* [Exercise]
Report every line below that holds the word "evenflo".

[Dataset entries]
= = = =

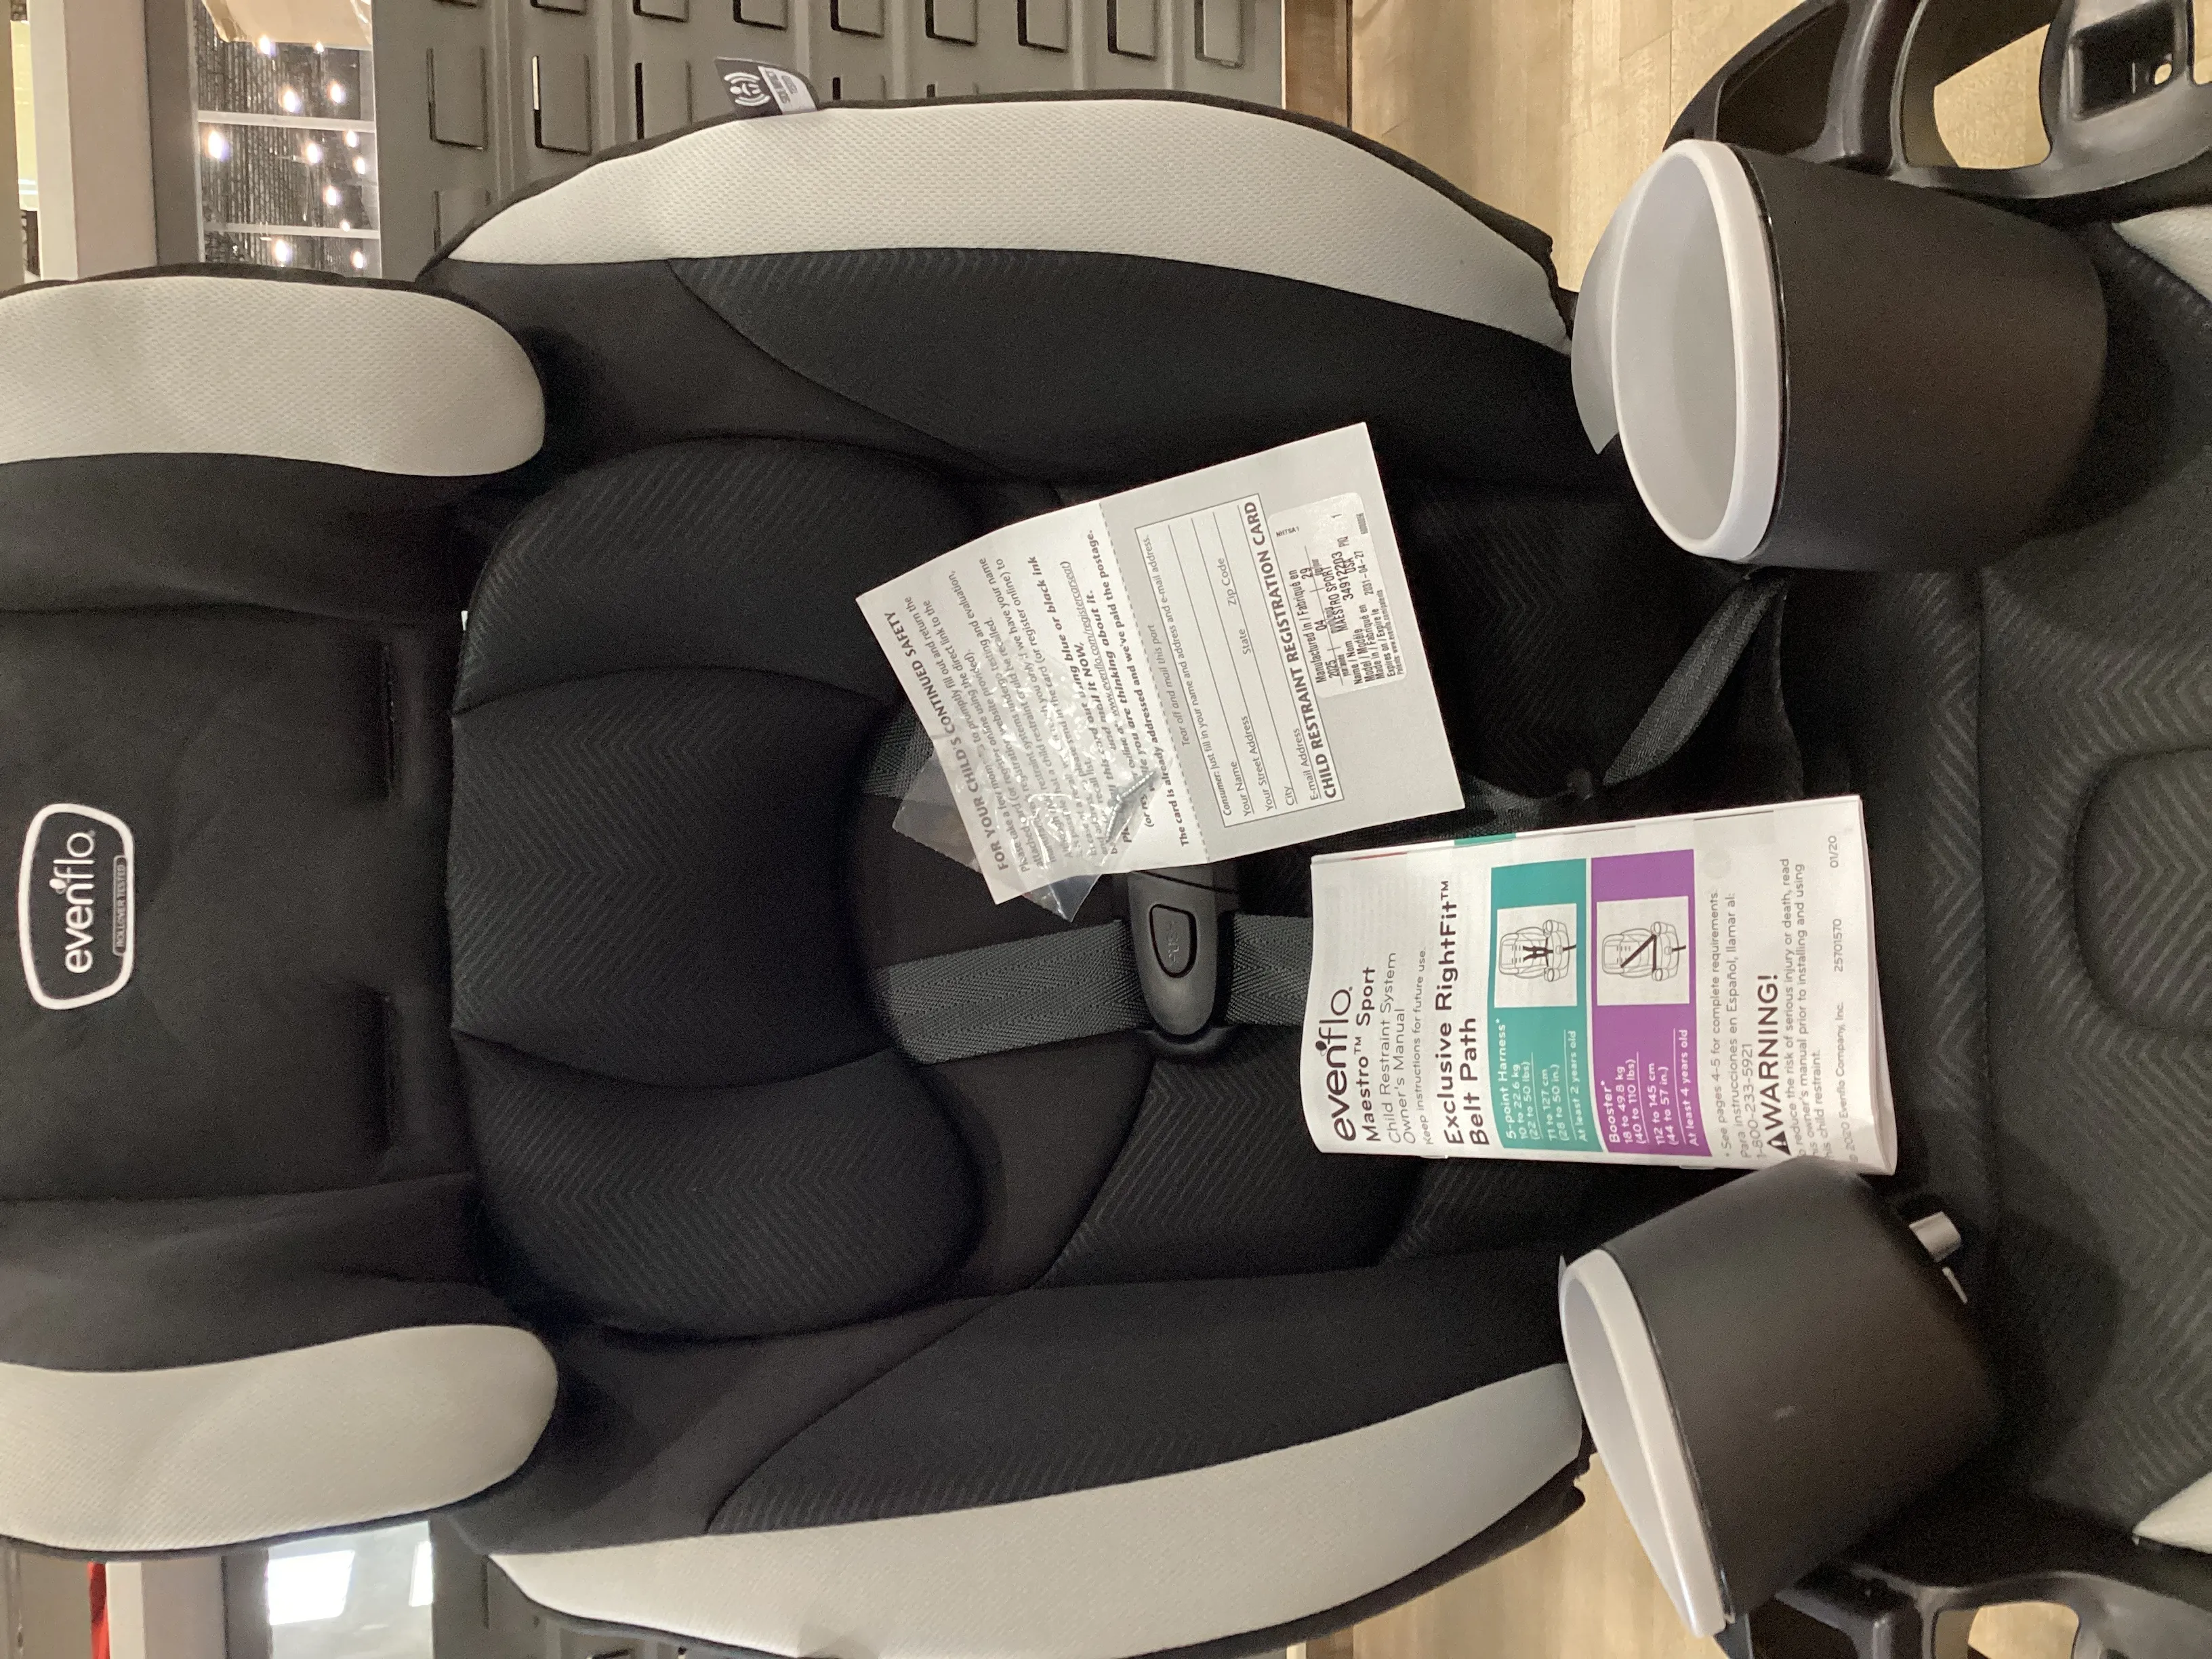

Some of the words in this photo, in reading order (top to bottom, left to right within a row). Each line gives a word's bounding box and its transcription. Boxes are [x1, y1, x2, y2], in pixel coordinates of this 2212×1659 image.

[1242, 500, 1265, 546] CARD
[1084, 528, 1109, 579] postage.
[1140, 535, 1159, 573] address.
[1342, 557, 1356, 573] USA
[978, 556, 996, 585] name
[1215, 557, 1231, 586] Code
[1319, 565, 1337, 592] SPORT
[1330, 550, 1354, 600] 34912203
[947, 571, 975, 618] evaluation,
[992, 585, 1009, 608] your
[1000, 571, 1021, 607] online)
[1036, 578, 1057, 614] black
[1152, 574, 1168, 604] e-mail
[1288, 580, 1311, 615] Fabriqué
[1002, 609, 1017, 633] have
[1107, 602, 1125, 629] paid
[1257, 550, 1298, 663] REGISTRATION
[1326, 592, 1348, 632] MAESTRO
[884, 609, 916, 657] SAFETY
[912, 612, 931, 640] return
[1017, 607, 1038, 645] register
[1089, 606, 1109, 647] about
[1146, 623, 1161, 646] part
[1359, 613, 1378, 645] Fabriqué
[1057, 633, 1073, 662] blue
[1116, 630, 1132, 663] we've
[1153, 646, 1166, 665] this
[1167, 624, 1185, 659] address
[1235, 628, 1252, 655] State
[945, 644, 964, 671] direct
[1073, 640, 1093, 678] NOW,
[1303, 632, 1327, 683] Manufactured
[1324, 659, 1340, 678] 2025
[1360, 659, 1375, 682] Model
[1372, 659, 1385, 679] Made
[1382, 652, 1396, 676] Expires
[1103, 649, 1130, 705] thinking
[1158, 665, 1172, 689] mail
[1349, 663, 1363, 684] Name
[911, 659, 956, 734] CONTINUED
[1185, 680, 1199, 706] name
[1290, 665, 1323, 750] RESTRAINT
[1134, 688, 1158, 744] addressed
[1193, 706, 1208, 729] your
[1177, 724, 1191, 746] Tear
[1202, 740, 1212, 752] fill
[1238, 715, 1258, 756] Address
[1290, 727, 1311, 768] Address
[949, 737, 979, 792] CHILD'S
[1152, 745, 1173, 787] already
[1206, 752, 1220, 770] Just
[1250, 756, 1267, 786] Street
[1314, 752, 1337, 799] CHILD
[1228, 760, 1245, 792] Name
[1302, 769, 1319, 800] E-mail
[1211, 770, 1233, 817] Consumer:
[1238, 792, 1252, 816] Your
[1261, 787, 1275, 811] Your
[1281, 784, 1296, 806] City
[972, 796, 996, 838] YOUR
[1168, 798, 1183, 825] card
[989, 840, 1008, 870] FOR
[1828, 835, 1839, 867] 01/20
[1780, 858, 1790, 884] read
[1794, 863, 1805, 897] using
[52, 832, 95, 973] evenflo
[1782, 889, 1792, 927] death,
[1795, 902, 1804, 924] and
[1710, 889, 1721, 972] requirements.
[1725, 912, 1736, 951] llamar
[1784, 932, 1791, 944] or
[1832, 918, 1843, 972] 25701570
[1784, 949, 1795, 982] injury
[1795, 929, 1807, 984] installing
[1356, 966, 1375, 1025] Sport
[1380, 952, 1396, 1012] System
[1413, 977, 1424, 1012] future
[1725, 957, 1739, 1011] Español,
[1710, 977, 1721, 1033] complete
[1785, 987, 1793, 1030] serious
[1797, 1005, 1808, 1033] prior
[1393, 1008, 1404, 1069] Manual
[1412, 1016, 1421, 1033] for
[1568, 1030, 1576, 1048] old
[1679, 1029, 1687, 1047] old
[1729, 1017, 1737, 1033] en
[1459, 1018, 1477, 1080] Path
[1711, 1038, 1719, 1053] for
[1757, 975, 1783, 1130] WARNING!
[1784, 1035, 1793, 1048] of
[1317, 988, 1356, 1141] evenflo
[1379, 1019, 1391, 1094] Restraint
[1511, 1063, 1520, 1076] kg
[1521, 1061, 1530, 1081] lbs)
[1569, 1052, 1580, 1082] years
[1625, 1059, 1635, 1080] lbs)
[1680, 1052, 1690, 1083] years
[1711, 1059, 1721, 1081] 4-5
[1784, 1052, 1794, 1073] risk
[1797, 1038, 1807, 1085] manual
[1412, 1038, 1424, 1109] instructions
[1435, 1022, 1464, 1144] Exclusive
[1542, 1069, 1549, 1086] cm
[1616, 1066, 1624, 1079] kg
[1648, 1063, 1655, 1080] cm
[1729, 1038, 1742, 1126] instrucciones
[1811, 1048, 1822, 1103] restraint.
[1512, 1081, 1522, 1108] 22.6
[1523, 1086, 1532, 1101] 50
[1541, 1089, 1551, 1110] 127
[1552, 1086, 1561, 1102] 50
[1616, 1084, 1625, 1111] 49.8
[1627, 1084, 1637, 1103] 110
[1647, 1085, 1658, 1107] 145
[1660, 1089, 1669, 1105] 57
[1742, 1043, 1766, 1158] 1-800-233-5921
[1785, 1078, 1795, 1098] the
[1394, 1078, 1416, 1143] Owner's
[1462, 1092, 1490, 1145] Belt
[1499, 1086, 1516, 1139] 5-point
[1517, 1111, 1524, 1122] to
[1527, 1105, 1534, 1116] to
[1546, 1113, 1553, 1124] to
[1555, 1106, 1562, 1117] to
[1572, 1098, 1583, 1125] least
[1631, 1107, 1639, 1119] to
[1652, 1111, 1660, 1122] to
[1664, 1109, 1671, 1121] to
[1682, 1100, 1694, 1128] least
[1714, 1086, 1727, 1122] pages
[1799, 1090, 1814, 1138] owner's
[1382, 1102, 1401, 1143] Child
[1419, 1115, 1433, 1145] Keep
[1519, 1127, 1528, 1139] 10
[1578, 1129, 1588, 1141] At
[1621, 1115, 1629, 1127] to
[1633, 1124, 1646, 1143] (40
[1654, 1127, 1665, 1144] 112
[1665, 1125, 1679, 1145] (44
[1788, 1103, 1803, 1144] reduce
[1814, 1109, 1828, 1138] child
[1623, 1131, 1633, 1143] 18
[1688, 1132, 1699, 1145] At
[1738, 1131, 1751, 1158] Para

= = = =

* [Written answer]
[52, 832, 95, 973] evenflo
[1317, 988, 1356, 1141] evenflo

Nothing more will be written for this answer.